DD is only just 5 (which is relevant, I hope!)

She does literally no after-school or weekend activities, because she doesn't want to.

I am adamant we will get swimming up and running this spring but apart from that I have decided to just leave everything/anything else.

A quick chat with the mums at the gate suggests that the majority of her class (Reception) are doing at least one after-school activity a week plus one or sometimes two at the weekends. Drama, swimming, tennis, ballet, mostly.

In addition most of them do a holiday club of some sort in half term/holiday, either for childcare purposes or just because they want to - multi-sport, drama, multi activity etc.

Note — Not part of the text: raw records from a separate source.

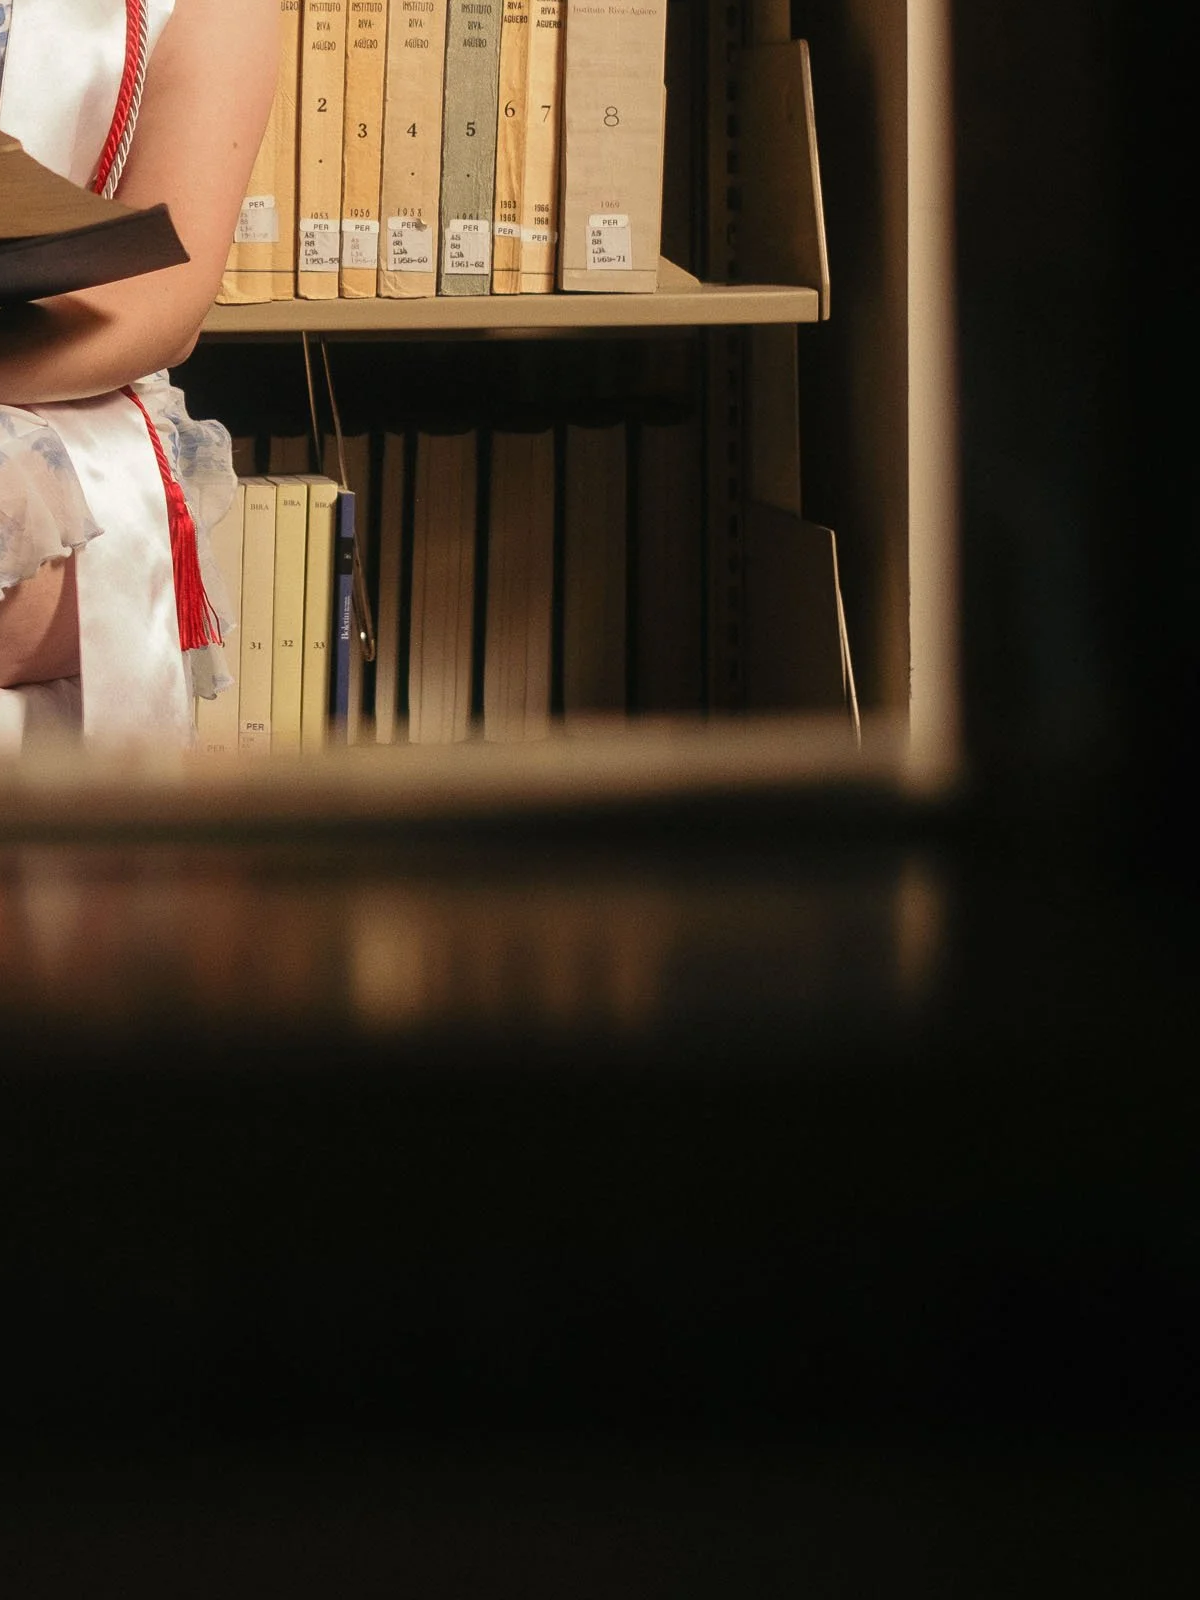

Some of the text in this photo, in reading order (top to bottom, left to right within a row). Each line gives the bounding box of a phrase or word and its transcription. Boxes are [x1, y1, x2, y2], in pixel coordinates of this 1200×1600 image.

[310, 2, 341, 12] INSTITUTO
[352, 2, 382, 12] INSTITUTO
[403, 2, 433, 12] INSTITUTO
[573, 6, 605, 14] Instituto
[317, 99, 327, 113] 2
[504, 100, 516, 118] 6
[541, 105, 552, 123] 7
[604, 106, 620, 127] 8
[357, 123, 368, 139] 3
[406, 122, 418, 138] 4
[466, 122, 476, 137] 5
[500, 200, 517, 209] 1963
[534, 204, 549, 212] 1966
[500, 213, 516, 222] 1965
[534, 217, 549, 225] 1968
[463, 224, 479, 232] PER
[498, 227, 514, 235] PER
[532, 234, 548, 242] PER
[451, 260, 484, 268] 1961-62
[250, 642, 261, 650] 31
[313, 641, 325, 649] 33
[246, 722, 264, 731] PER

Is it worth me pushing DD any harder to take something up? She loves performing and dancing but is adamant she doesn't want to take a class. She occasionally says she would like to learn gymnastics so I investigate a class but then she refuses to go and try it.

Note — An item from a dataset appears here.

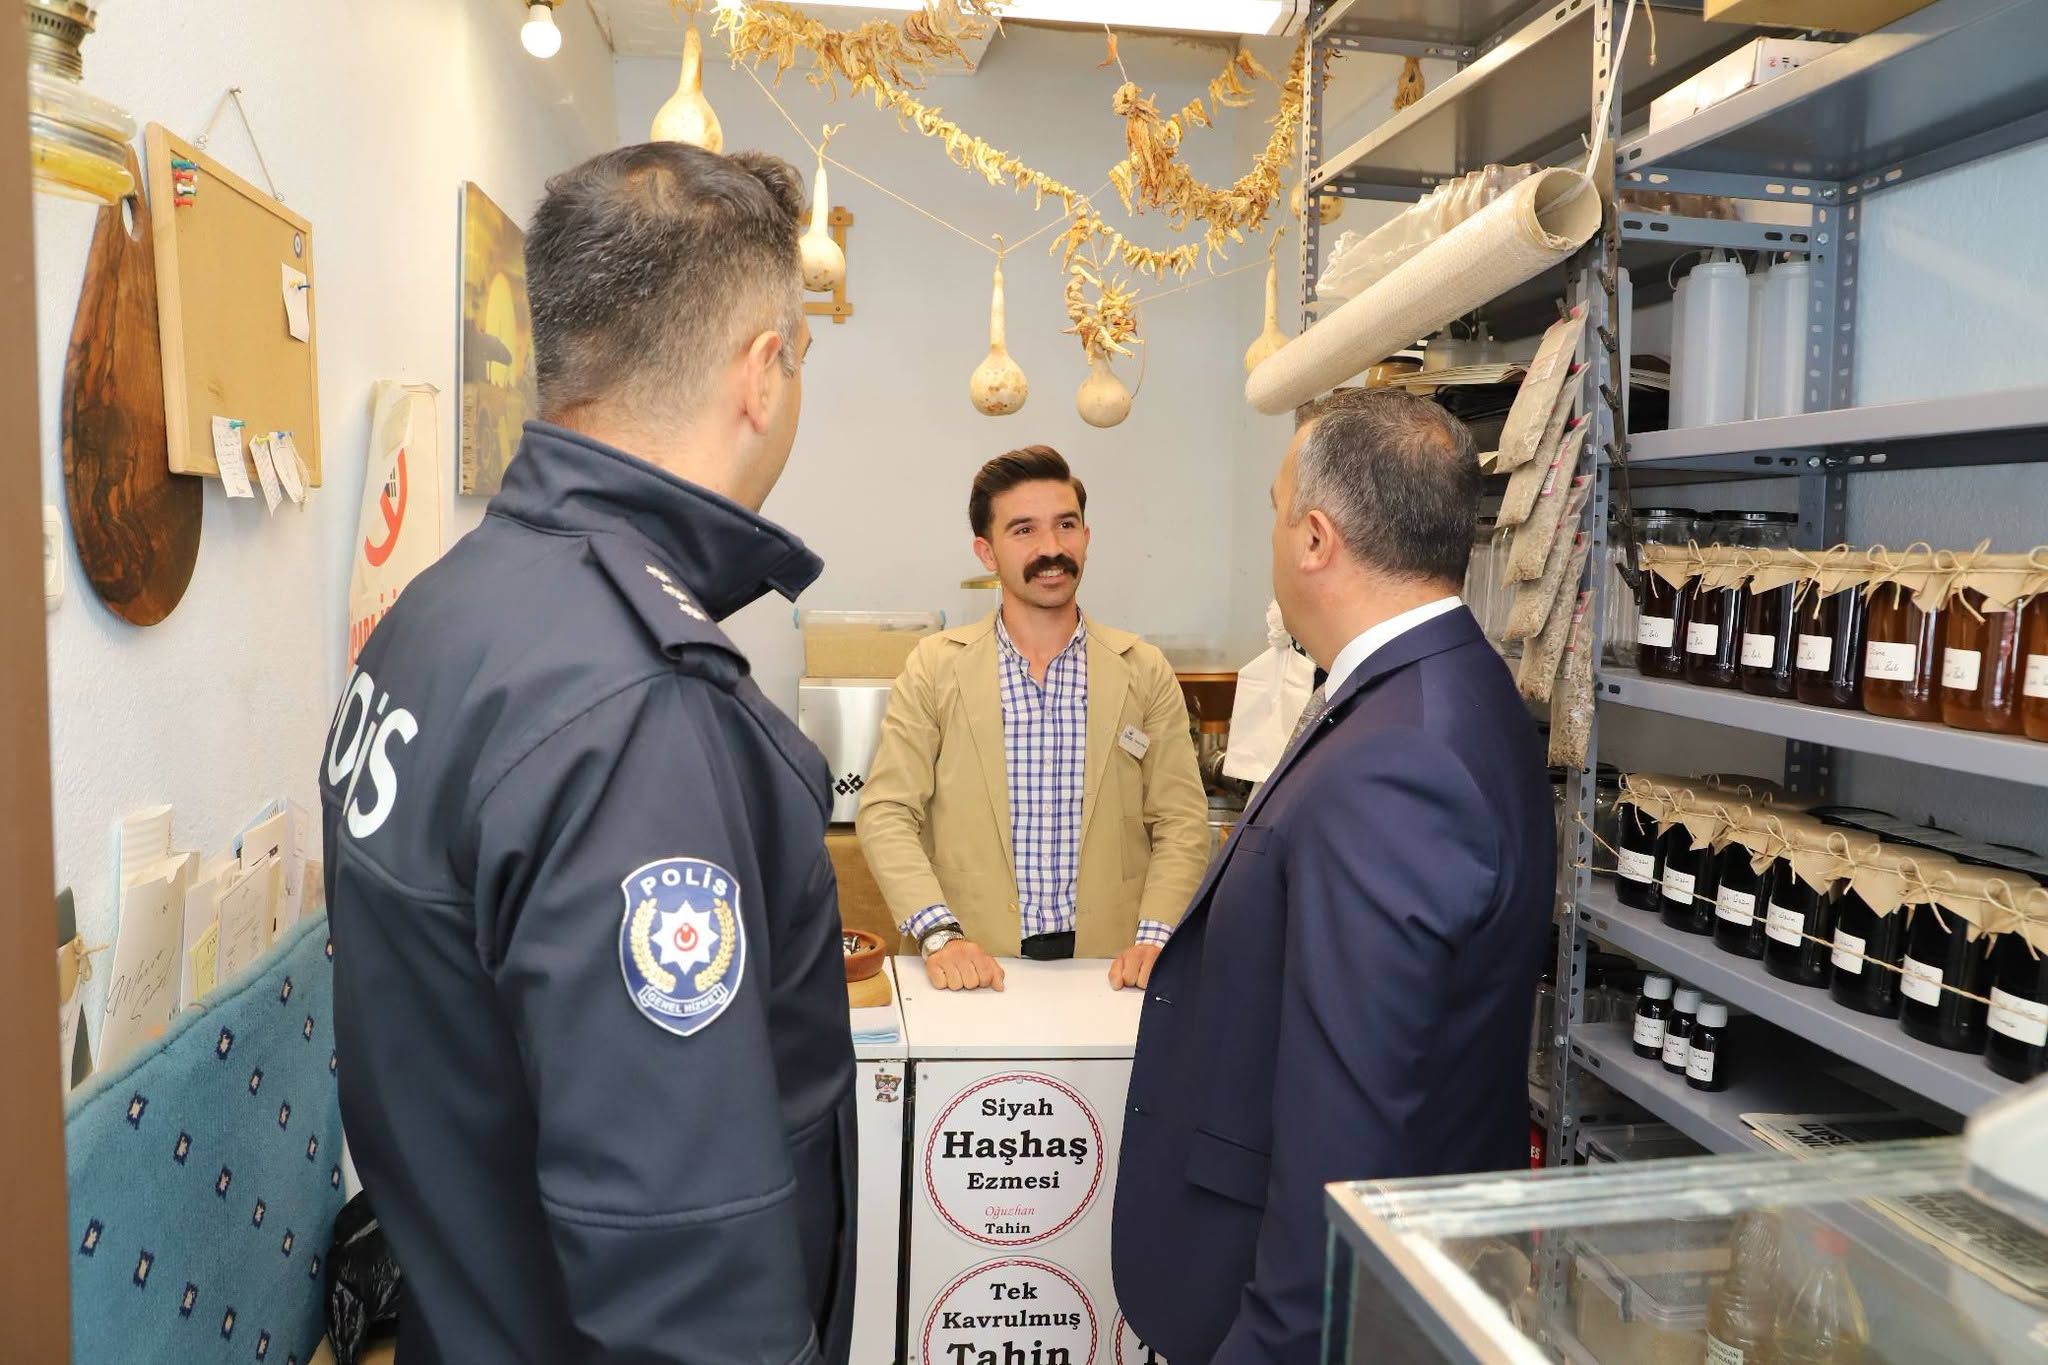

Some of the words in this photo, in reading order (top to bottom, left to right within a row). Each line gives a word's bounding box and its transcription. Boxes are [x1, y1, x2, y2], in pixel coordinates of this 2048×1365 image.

fwiw she doesn't just sit around at home watching the telly, she loves to play endless imaginative games, she gets out the paints, the playdoh etc (plus of course she does watch a bit of telly grin every now and then) She's very happy at home!

I'm kind of vaguely hoping this will change if I don't push it!!? That maybe when she's in Year 2ish she will agree to go to something?!

But as so many of her classmates are booking in for half term clubs I wonder if she is going to miss out, she is struggling a tiny bit to form permanent bonds with classmates and it might give her a chance to bond with them a bit more?

What do your 5 year olds do and would you just leave it if they didn't want to do an activity?

Pinkkahori Tue 23-Jan-18 09:34:51

I just left it for a couple of years with dd2. She is quite a shy, reserved child and really didn't want to.
Her older sister is more out going and did various activities at 5 but dd2 is very creative and has a great imagination and was happier in her own company. She found school very full on to begin with and needed lots of down time.
She is 9 nine now and does a music class and a club once a week.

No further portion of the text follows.